PROMPT>
Your copy should repeat the data that follows exactly and contain no image.

AVAILABLE RECORDS>
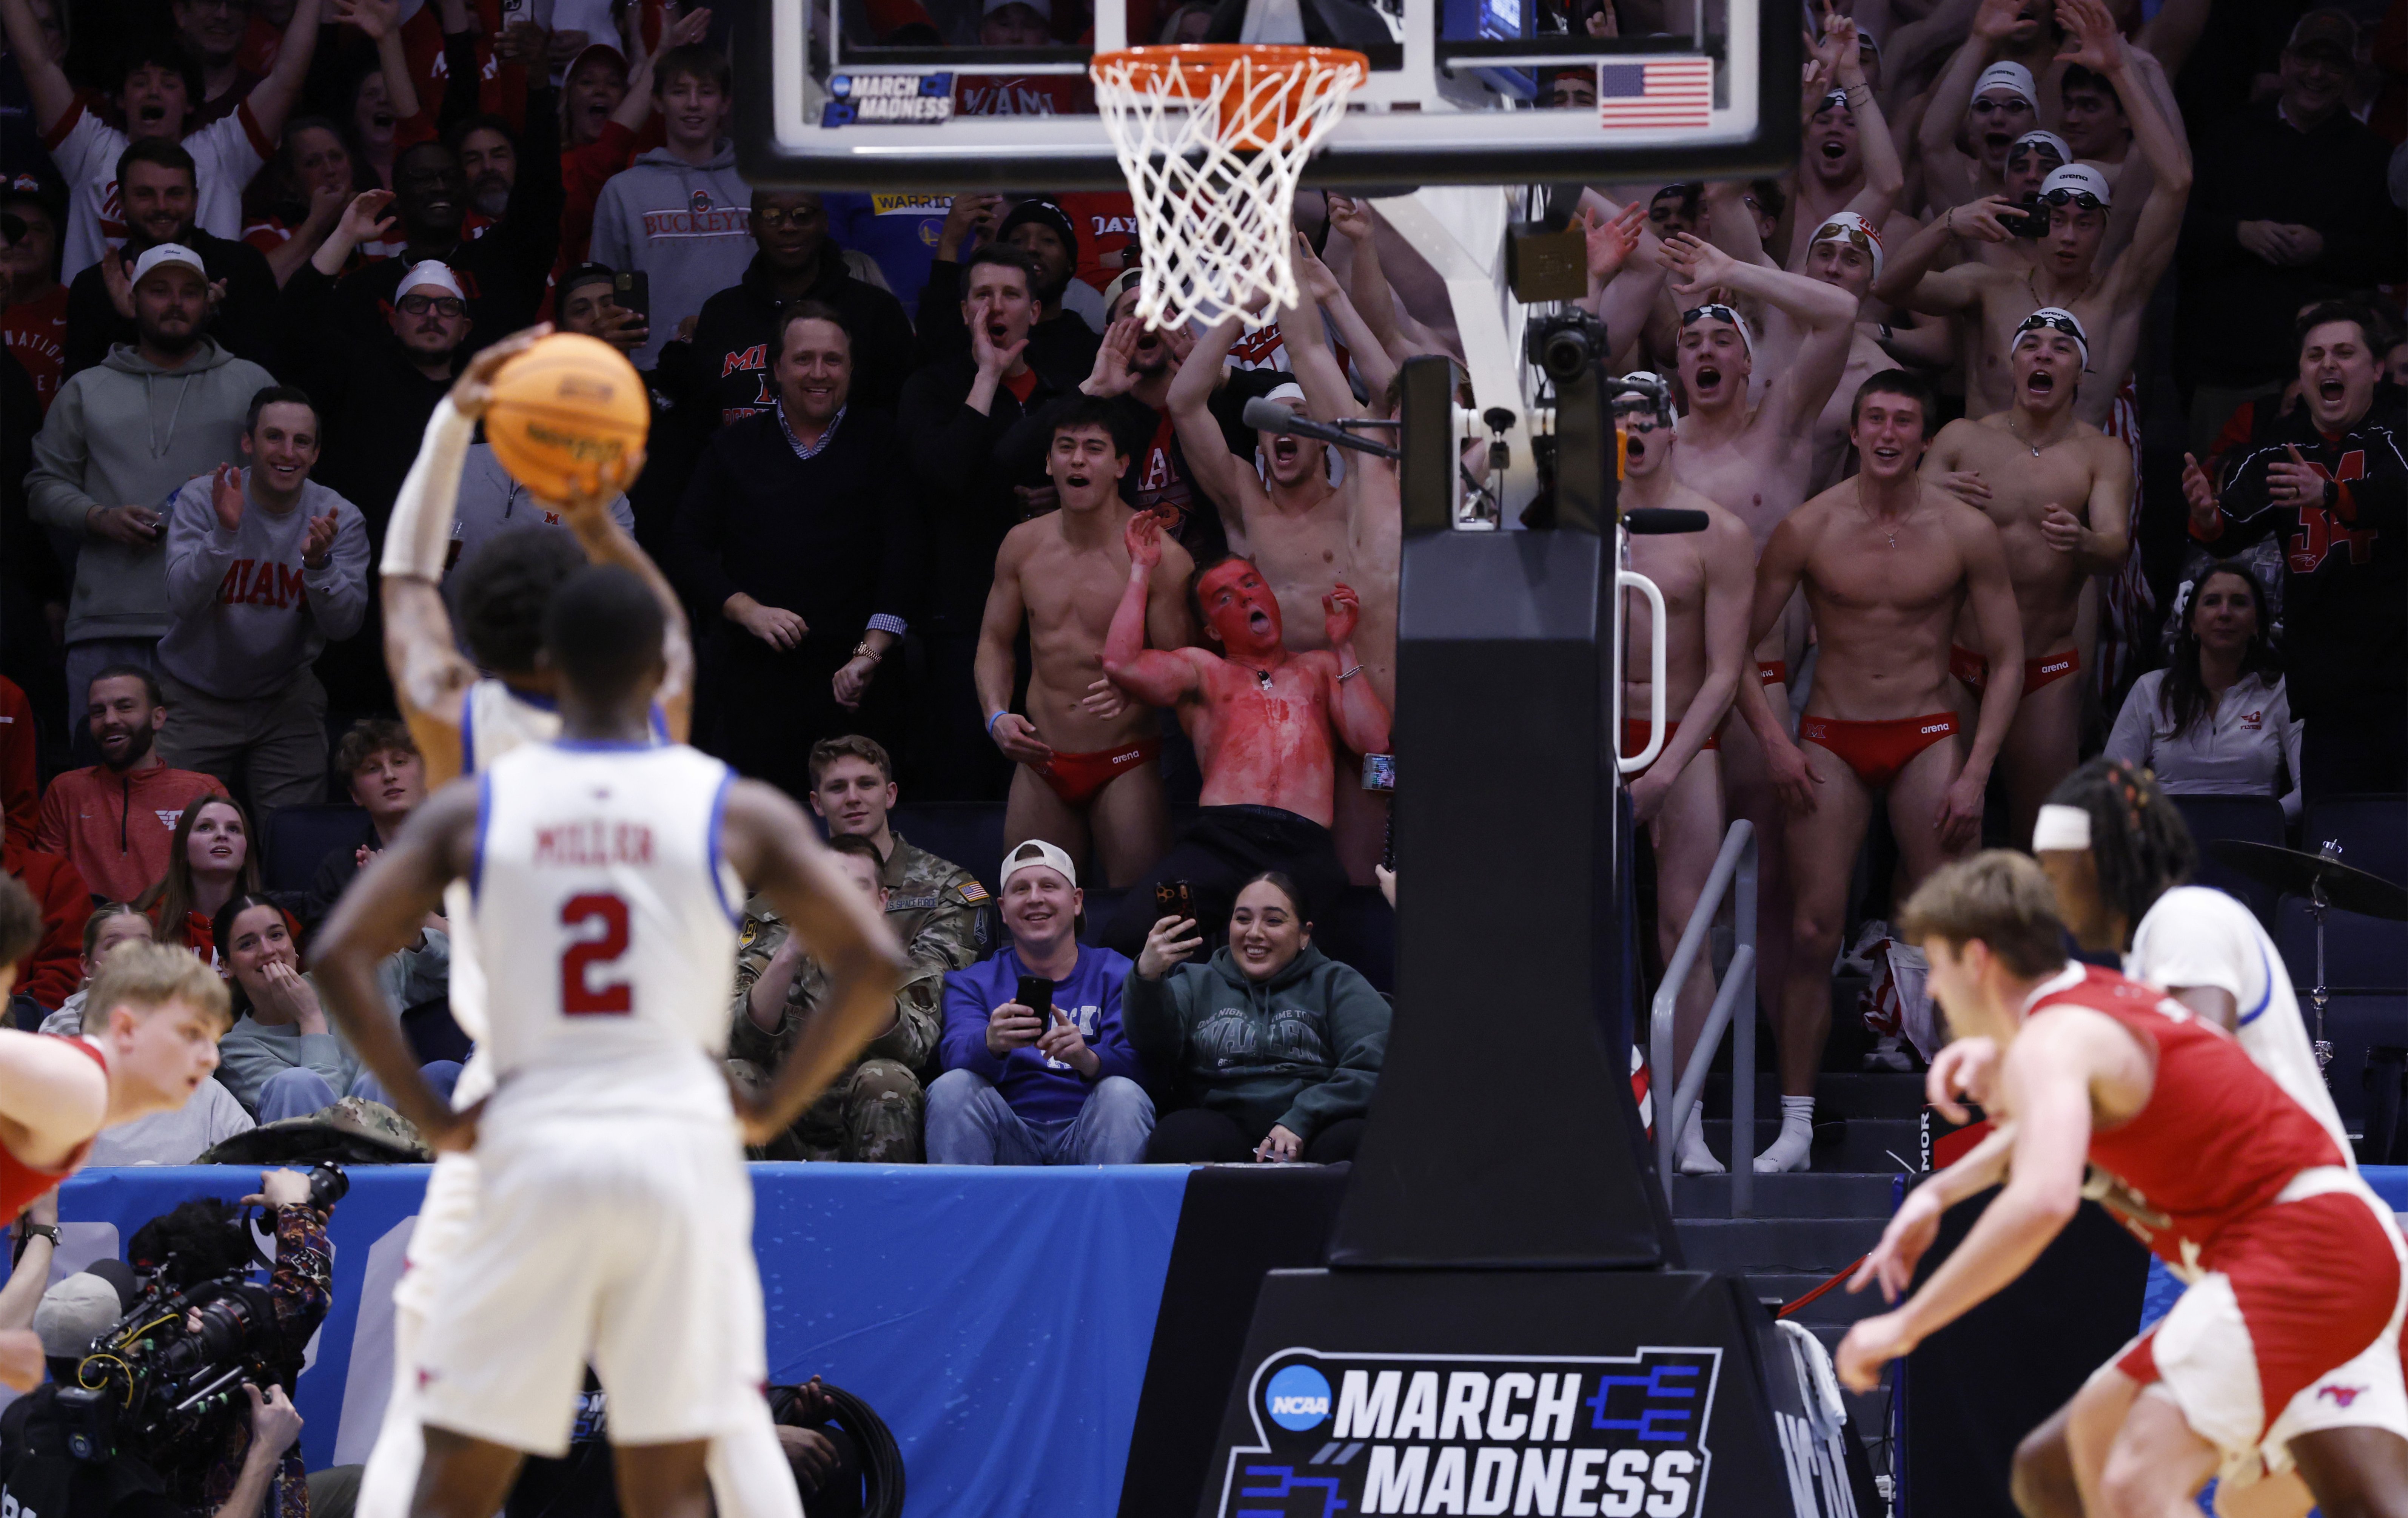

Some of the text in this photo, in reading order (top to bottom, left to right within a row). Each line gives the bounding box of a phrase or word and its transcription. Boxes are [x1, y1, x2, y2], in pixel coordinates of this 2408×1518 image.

[850, 75, 920, 97] MARCH
[857, 97, 951, 119] MADNESS
[878, 195, 955, 208] WARRIO
[1091, 216, 1137, 236] DAY
[2041, 311, 2069, 320] arena
[542, 510, 562, 527] M
[2041, 661, 2069, 674] arena
[1921, 723, 1949, 734] arena
[1112, 750, 1140, 764] arena
[533, 820, 655, 865] MILLER
[896, 899, 916, 908] SPACE
[918, 898, 936, 907] FORCE
[559, 892, 633, 1017] 2
[1272, 1396, 1329, 1415] NCAA
[1332, 1370, 1582, 1441] MARCH
[1360, 1445, 1696, 1518] MADNESS

SOLVED PROBLEM>
Some of the text in this photo, in reading order (top to bottom, left to right within a row). Each line gives the bounding box of a phrase or word and its transcription. Boxes are [x1, y1, x2, y2], in pixel coordinates of this 2408×1518 image.

[850, 75, 920, 97] MARCH
[857, 97, 951, 119] MADNESS
[878, 195, 955, 208] WARRIO
[1091, 216, 1137, 236] DAY
[2041, 311, 2069, 320] arena
[542, 510, 562, 527] M
[2041, 661, 2069, 674] arena
[1921, 723, 1949, 734] arena
[1112, 750, 1140, 764] arena
[533, 820, 655, 865] MILLER
[896, 899, 916, 908] SPACE
[918, 898, 936, 907] FORCE
[559, 892, 633, 1017] 2
[1272, 1396, 1329, 1415] NCAA
[1332, 1370, 1582, 1441] MARCH
[1360, 1445, 1696, 1518] MADNESS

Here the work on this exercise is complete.